* _ACTION ITEM_:
Write out all of the data again, precisely as it appears.

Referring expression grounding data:
__________

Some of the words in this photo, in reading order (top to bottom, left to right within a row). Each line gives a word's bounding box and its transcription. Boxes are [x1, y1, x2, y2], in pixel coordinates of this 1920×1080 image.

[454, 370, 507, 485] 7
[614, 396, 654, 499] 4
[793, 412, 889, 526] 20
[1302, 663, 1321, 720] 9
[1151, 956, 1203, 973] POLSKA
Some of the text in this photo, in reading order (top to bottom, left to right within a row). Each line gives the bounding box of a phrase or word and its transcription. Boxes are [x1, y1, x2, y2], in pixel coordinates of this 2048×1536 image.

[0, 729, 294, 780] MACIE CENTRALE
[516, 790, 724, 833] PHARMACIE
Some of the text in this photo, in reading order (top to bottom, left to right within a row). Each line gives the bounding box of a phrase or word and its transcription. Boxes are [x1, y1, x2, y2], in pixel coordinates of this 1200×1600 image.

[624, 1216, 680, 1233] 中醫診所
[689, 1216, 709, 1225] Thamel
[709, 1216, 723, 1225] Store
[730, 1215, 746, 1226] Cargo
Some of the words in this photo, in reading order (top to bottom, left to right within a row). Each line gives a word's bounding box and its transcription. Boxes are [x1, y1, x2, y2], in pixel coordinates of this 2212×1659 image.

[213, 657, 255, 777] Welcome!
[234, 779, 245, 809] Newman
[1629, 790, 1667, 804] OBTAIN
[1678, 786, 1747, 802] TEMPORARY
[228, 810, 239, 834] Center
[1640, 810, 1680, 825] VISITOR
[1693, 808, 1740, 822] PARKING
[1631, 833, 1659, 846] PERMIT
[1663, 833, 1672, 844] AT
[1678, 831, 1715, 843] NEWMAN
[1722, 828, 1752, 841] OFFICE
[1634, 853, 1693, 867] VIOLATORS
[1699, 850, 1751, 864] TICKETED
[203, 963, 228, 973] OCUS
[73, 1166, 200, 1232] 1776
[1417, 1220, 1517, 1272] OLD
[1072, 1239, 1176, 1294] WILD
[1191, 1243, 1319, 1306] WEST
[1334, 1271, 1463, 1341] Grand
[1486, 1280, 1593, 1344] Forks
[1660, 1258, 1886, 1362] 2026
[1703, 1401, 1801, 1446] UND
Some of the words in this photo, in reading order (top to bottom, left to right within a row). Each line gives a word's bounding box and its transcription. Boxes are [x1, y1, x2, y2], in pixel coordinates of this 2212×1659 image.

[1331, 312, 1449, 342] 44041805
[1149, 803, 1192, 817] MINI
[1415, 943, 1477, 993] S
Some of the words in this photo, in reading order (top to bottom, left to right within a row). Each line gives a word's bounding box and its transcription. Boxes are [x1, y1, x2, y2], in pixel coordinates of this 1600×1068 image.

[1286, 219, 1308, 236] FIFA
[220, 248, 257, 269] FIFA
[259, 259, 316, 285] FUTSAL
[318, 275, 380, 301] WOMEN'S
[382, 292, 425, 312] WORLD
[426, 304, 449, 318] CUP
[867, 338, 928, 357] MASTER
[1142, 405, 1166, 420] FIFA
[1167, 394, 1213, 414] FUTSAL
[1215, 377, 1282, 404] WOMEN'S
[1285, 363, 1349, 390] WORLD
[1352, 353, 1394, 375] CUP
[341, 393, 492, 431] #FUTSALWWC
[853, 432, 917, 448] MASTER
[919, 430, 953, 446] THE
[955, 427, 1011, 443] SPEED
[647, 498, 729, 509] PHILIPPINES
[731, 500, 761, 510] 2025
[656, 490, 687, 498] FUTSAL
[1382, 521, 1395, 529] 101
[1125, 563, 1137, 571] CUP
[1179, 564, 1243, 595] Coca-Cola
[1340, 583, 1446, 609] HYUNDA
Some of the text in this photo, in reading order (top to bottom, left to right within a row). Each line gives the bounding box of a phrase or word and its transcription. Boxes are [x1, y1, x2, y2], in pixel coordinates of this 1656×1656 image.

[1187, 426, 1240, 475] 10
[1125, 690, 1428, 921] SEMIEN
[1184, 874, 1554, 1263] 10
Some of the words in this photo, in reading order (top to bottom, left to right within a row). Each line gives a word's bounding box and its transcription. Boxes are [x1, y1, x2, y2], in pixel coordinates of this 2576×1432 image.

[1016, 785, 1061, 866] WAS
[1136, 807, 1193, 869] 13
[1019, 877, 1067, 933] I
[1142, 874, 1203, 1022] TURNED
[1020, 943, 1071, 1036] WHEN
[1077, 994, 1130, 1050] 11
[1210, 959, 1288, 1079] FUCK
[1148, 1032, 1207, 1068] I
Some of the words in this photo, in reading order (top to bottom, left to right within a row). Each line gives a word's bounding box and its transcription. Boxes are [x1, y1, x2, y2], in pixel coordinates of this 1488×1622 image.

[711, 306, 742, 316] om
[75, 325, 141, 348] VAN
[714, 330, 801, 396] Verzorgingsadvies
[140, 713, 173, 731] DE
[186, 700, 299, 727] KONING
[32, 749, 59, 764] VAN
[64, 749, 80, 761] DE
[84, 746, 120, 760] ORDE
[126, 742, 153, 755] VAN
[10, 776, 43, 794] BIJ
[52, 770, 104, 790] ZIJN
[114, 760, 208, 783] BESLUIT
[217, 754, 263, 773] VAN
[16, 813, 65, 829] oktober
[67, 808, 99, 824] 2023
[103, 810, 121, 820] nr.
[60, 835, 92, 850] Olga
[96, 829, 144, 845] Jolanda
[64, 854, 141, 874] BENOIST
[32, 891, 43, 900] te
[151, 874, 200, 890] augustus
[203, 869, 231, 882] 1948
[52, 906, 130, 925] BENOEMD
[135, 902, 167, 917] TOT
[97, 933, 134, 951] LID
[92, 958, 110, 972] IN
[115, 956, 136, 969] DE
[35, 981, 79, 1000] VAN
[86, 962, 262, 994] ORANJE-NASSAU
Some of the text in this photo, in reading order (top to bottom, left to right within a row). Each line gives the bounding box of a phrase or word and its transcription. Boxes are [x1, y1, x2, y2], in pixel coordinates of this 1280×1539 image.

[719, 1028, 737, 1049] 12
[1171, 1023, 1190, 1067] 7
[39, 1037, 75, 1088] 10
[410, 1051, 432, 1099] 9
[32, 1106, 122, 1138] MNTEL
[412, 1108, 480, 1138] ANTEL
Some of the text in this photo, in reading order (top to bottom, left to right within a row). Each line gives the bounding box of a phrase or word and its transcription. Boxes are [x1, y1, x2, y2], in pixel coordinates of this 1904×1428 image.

__________

* _TASK ANSWER_:
Some of the words in this photo, in reading order (top to bottom, left to right within a row). Each line gives a word's bounding box and its transcription. Boxes are [x1, y1, x2, y2], in pixel coordinates of this 1920×1080 image.

[454, 370, 507, 485] 7
[614, 396, 654, 499] 4
[793, 412, 889, 526] 20
[1302, 663, 1321, 720] 9
[1151, 956, 1203, 973] POLSKA
Some of the text in this photo, in reading order (top to bottom, left to right within a row). Each line gives the bounding box of a phrase or word and its transcription. Boxes are [x1, y1, x2, y2], in pixel coordinates of this 2048×1536 image.

[0, 729, 294, 780] MACIE CENTRALE
[516, 790, 724, 833] PHARMACIE
Some of the text in this photo, in reading order (top to bottom, left to right within a row). Each line gives the bounding box of a phrase or word and its transcription. Boxes are [x1, y1, x2, y2], in pixel coordinates of this 1200×1600 image.

[624, 1216, 680, 1233] 中醫診所
[689, 1216, 709, 1225] Thamel
[709, 1216, 723, 1225] Store
[730, 1215, 746, 1226] Cargo
Some of the words in this photo, in reading order (top to bottom, left to right within a row). Each line gives a word's bounding box and its transcription. Boxes are [x1, y1, x2, y2], in pixel coordinates of this 2212×1659 image.

[213, 657, 255, 777] Welcome!
[234, 779, 245, 809] Newman
[1629, 790, 1667, 804] OBTAIN
[1678, 786, 1747, 802] TEMPORARY
[228, 810, 239, 834] Center
[1640, 810, 1680, 825] VISITOR
[1693, 808, 1740, 822] PARKING
[1631, 833, 1659, 846] PERMIT
[1663, 833, 1672, 844] AT
[1678, 831, 1715, 843] NEWMAN
[1722, 828, 1752, 841] OFFICE
[1634, 853, 1693, 867] VIOLATORS
[1699, 850, 1751, 864] TICKETED
[203, 963, 228, 973] OCUS
[73, 1166, 200, 1232] 1776
[1417, 1220, 1517, 1272] OLD
[1072, 1239, 1176, 1294] WILD
[1191, 1243, 1319, 1306] WEST
[1334, 1271, 1463, 1341] Grand
[1486, 1280, 1593, 1344] Forks
[1660, 1258, 1886, 1362] 2026
[1703, 1401, 1801, 1446] UND
Some of the words in this photo, in reading order (top to bottom, left to right within a row). Each line gives a word's bounding box and its transcription. Boxes are [x1, y1, x2, y2], in pixel coordinates of this 2212×1659 image.

[1331, 312, 1449, 342] 44041805
[1149, 803, 1192, 817] MINI
[1415, 943, 1477, 993] S
Some of the words in this photo, in reading order (top to bottom, left to right within a row). Each line gives a word's bounding box and its transcription. Boxes are [x1, y1, x2, y2], in pixel coordinates of this 1600×1068 image.

[1286, 219, 1308, 236] FIFA
[220, 248, 257, 269] FIFA
[259, 259, 316, 285] FUTSAL
[318, 275, 380, 301] WOMEN'S
[382, 292, 425, 312] WORLD
[426, 304, 449, 318] CUP
[867, 338, 928, 357] MASTER
[1142, 405, 1166, 420] FIFA
[1167, 394, 1213, 414] FUTSAL
[1215, 377, 1282, 404] WOMEN'S
[1285, 363, 1349, 390] WORLD
[1352, 353, 1394, 375] CUP
[341, 393, 492, 431] #FUTSALWWC
[853, 432, 917, 448] MASTER
[919, 430, 953, 446] THE
[955, 427, 1011, 443] SPEED
[647, 498, 729, 509] PHILIPPINES
[731, 500, 761, 510] 2025
[656, 490, 687, 498] FUTSAL
[1382, 521, 1395, 529] 101
[1125, 563, 1137, 571] CUP
[1179, 564, 1243, 595] Coca-Cola
[1340, 583, 1446, 609] HYUNDA
Some of the text in this photo, in reading order (top to bottom, left to right within a row). Each line gives the bounding box of a phrase or word and its transcription. Boxes are [x1, y1, x2, y2], in pixel coordinates of this 1656×1656 image.

[1187, 426, 1240, 475] 10
[1125, 690, 1428, 921] SEMIEN
[1184, 874, 1554, 1263] 10
Some of the words in this photo, in reading order (top to bottom, left to right within a row). Each line gives a word's bounding box and its transcription. Boxes are [x1, y1, x2, y2], in pixel coordinates of this 2576×1432 image.

[1016, 785, 1061, 866] WAS
[1136, 807, 1193, 869] 13
[1019, 877, 1067, 933] I
[1142, 874, 1203, 1022] TURNED
[1020, 943, 1071, 1036] WHEN
[1077, 994, 1130, 1050] 11
[1210, 959, 1288, 1079] FUCK
[1148, 1032, 1207, 1068] I
Some of the words in this photo, in reading order (top to bottom, left to right within a row). Each line gives a word's bounding box and its transcription. Boxes are [x1, y1, x2, y2], in pixel coordinates of this 1488×1622 image.

[711, 306, 742, 316] om
[75, 325, 141, 348] VAN
[714, 330, 801, 396] Verzorgingsadvies
[140, 713, 173, 731] DE
[186, 700, 299, 727] KONING
[32, 749, 59, 764] VAN
[64, 749, 80, 761] DE
[84, 746, 120, 760] ORDE
[126, 742, 153, 755] VAN
[10, 776, 43, 794] BIJ
[52, 770, 104, 790] ZIJN
[114, 760, 208, 783] BESLUIT
[217, 754, 263, 773] VAN
[16, 813, 65, 829] oktober
[67, 808, 99, 824] 2023
[103, 810, 121, 820] nr.
[60, 835, 92, 850] Olga
[96, 829, 144, 845] Jolanda
[64, 854, 141, 874] BENOIST
[32, 891, 43, 900] te
[151, 874, 200, 890] augustus
[203, 869, 231, 882] 1948
[52, 906, 130, 925] BENOEMD
[135, 902, 167, 917] TOT
[97, 933, 134, 951] LID
[92, 958, 110, 972] IN
[115, 956, 136, 969] DE
[35, 981, 79, 1000] VAN
[86, 962, 262, 994] ORANJE-NASSAU
Some of the text in this photo, in reading order (top to bottom, left to right within a row). Each line gives the bounding box of a phrase or word and its transcription. Boxes are [x1, y1, x2, y2], in pixel coordinates of this 1280×1539 image.

[719, 1028, 737, 1049] 12
[1171, 1023, 1190, 1067] 7
[39, 1037, 75, 1088] 10
[410, 1051, 432, 1099] 9
[32, 1106, 122, 1138] MNTEL
[412, 1108, 480, 1138] ANTEL
Some of the text in this photo, in reading order (top to bottom, left to right within a row). Each line gives the bounding box of a phrase or word and its transcription. Boxes are [x1, y1, x2, y2], in pixel coordinates of this 1904×1428 image.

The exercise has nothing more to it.